What should I pay attention to when I'm buying a network switch?
Since I'm not a hardware expert, I don't know what features make a network switch a good network switch. What should I pay attention, when I'm comparing the different models from different vendors?
Solution 1:
It is all about features, and the quality of the device.
You can usually check the quality of the device by looking for reviews for that particular device.
Features you want to look at
- Port count, and link speed for each port
- Remote administration features. How will you configure the switch, http, https, ssh, telnet, proprietary tool.
- The bandwidth of the backplane. A switch should be able allow for lots of simultaneous conversations. For a 1GB, you might expect to see a 10GB backplane.
- VLAN support, this allows you to have multiple virtual networks.
- Etherchannel/Bonding/Link Aggregation. It is possible to merge many ports into a single trunk.
- Routing/Firewalling L3 features. These days, many advanced switches including routing functionality.
- Quality of Service (QoS), if you will be using Voip, having QoS is pretty much required.
- Stackability, Many switches can be stacked using a special cable which allows them to be managed as a single unit.
- POE, some types of devices like phones can be powered by a switch.
If you have a small network, you probably don't really need most of the features, and a simple inexpensive switch will be fine. If you have high security demands, a VoiP system, a complex network, you'll need more features.
Solution 2:
Blocking vs. Non-Blocking Switches
Take a switch's specifications and add up all the ports at theoretical maximum speed, then you have the theoretical sum total of a switch's throughput. If the switching bus, or switching components cannot handle the theoretical total of all ports the switch is considered a "blocking switch". There is debate whether all switches should be designed non-blocking, but the added costs of doing so are only reasonable on switches designed to work in the largest network backbones. For almost all applications, a blocking switch that has an acceptable and reasonable throughput level will work just fine.
Consider an eight port 10/100 switch. Since each port can theoretically handle 200 Mbps (full duplex) there is a theoretical need for 1600 Mbps, or 1.6 Gbps. But in the real world each port will not exceed 50% utilization, so a 800 Mbps switching bus is adequate. Consideration of total throughput versus total ports demand in the real world loads provides validation that the switch can handle the loads of your network.<
Taken from: http://www.lantronix.com/resources/net-tutor-switching.html
They have some other good things on that page to look for too.
Solution 3:
Some other things to consider:
Size of the per-port buffer. Consumer switches have only a few kilobytes per port. That's enough to hold one or two regular-sized ethernet frames. But throw some larger frames at it and the buffer will overflow.

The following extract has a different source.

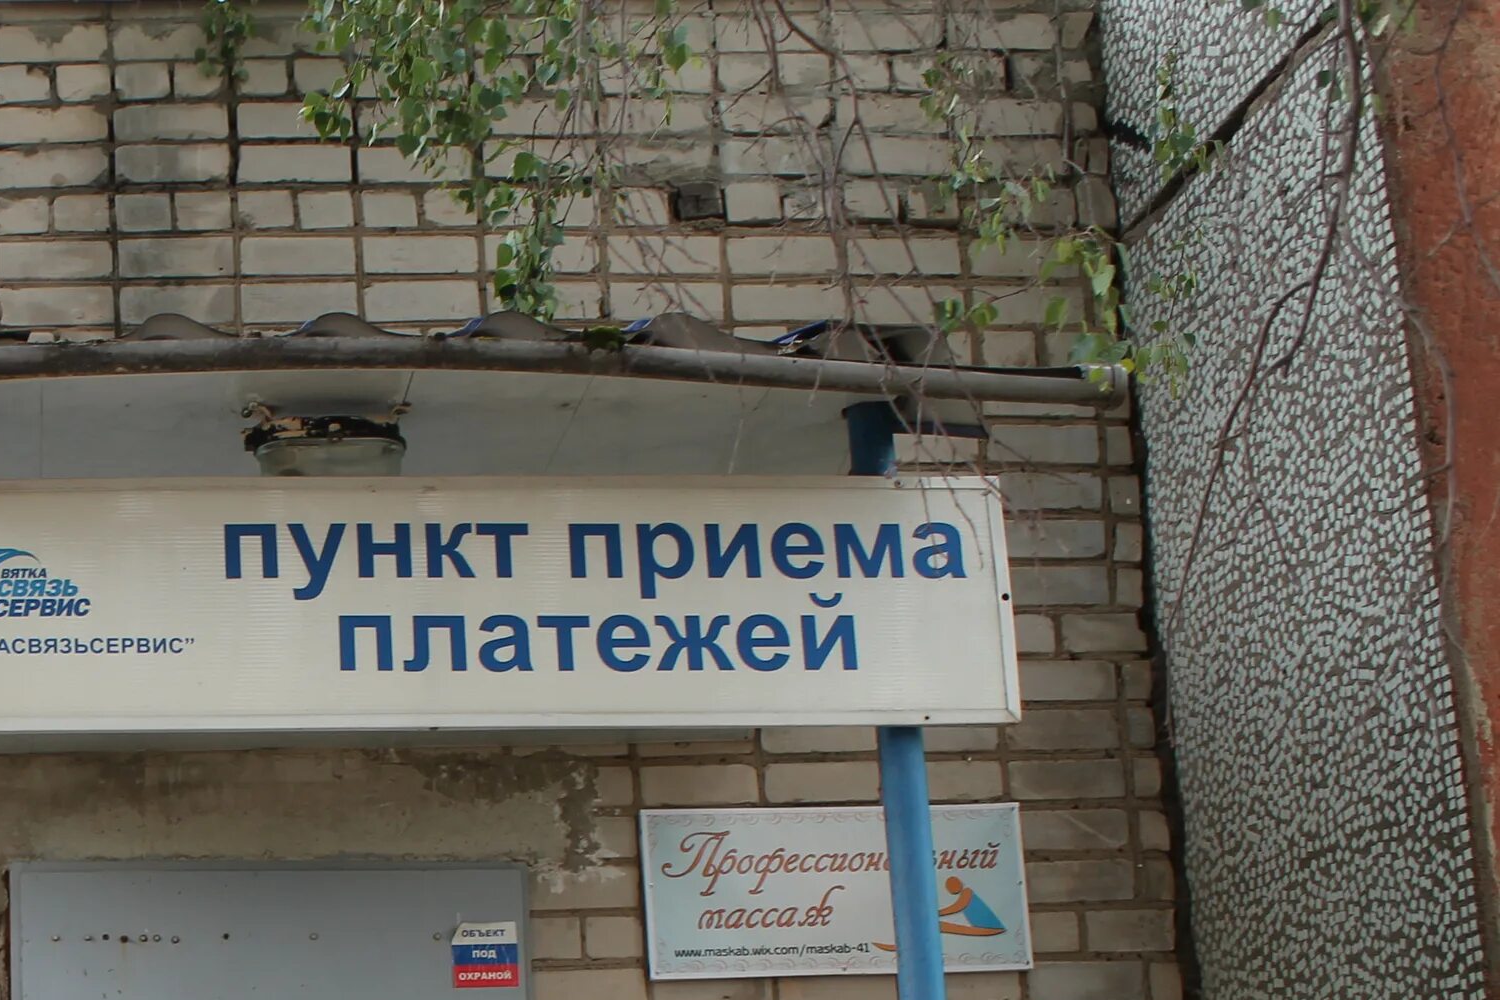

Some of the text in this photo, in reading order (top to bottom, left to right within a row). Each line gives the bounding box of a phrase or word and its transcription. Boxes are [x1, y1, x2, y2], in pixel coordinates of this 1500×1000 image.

The switch will either croak or revert to "hub mode." Enterprise switches (and even some high-end consumer ones) have 100K or more devoted to each port, allowing them to buffer more frames and increase throughput.
Warranty. Some switches (HP, off the top of my head) come with lifetime warranties. Nice.
Solution 4:
For a good switch I think there are only two options: Cisco and HP. (and I'm not talking about Linksys)
Objective differences:
- Cisco are more expensive. Much more expensive.
- HP have a lifetime warranty. Nice.
- HP give you free firmware upgrades even without a service contract. Nice.
- Cisco has a firmware jungle, with HP you simply get the latest release
- HP has switches that can only be configured via web, Cisco does not (I think). (IMO the cli/menu switches are worth the little extra money)
Lots and lots of subjective differences.
Most importantly: NEVER buy the cheapest thing from the expensive (managed, rack-mounted) shelf. A managed Dlink will NOT be worth it. They are unstable, slow, and horrible to configure. Netgear will probably be the same. For managed switches, just go HP or Cisco.
... or possibly from the Juniper EX-series.
Features that you may want that can affect your choice:
- Routing. Don't expect it to be line rate on a switch. It could be, but don't expect it.
- Routing protocols (OSPF, BGP, ...). You probably know if you need it.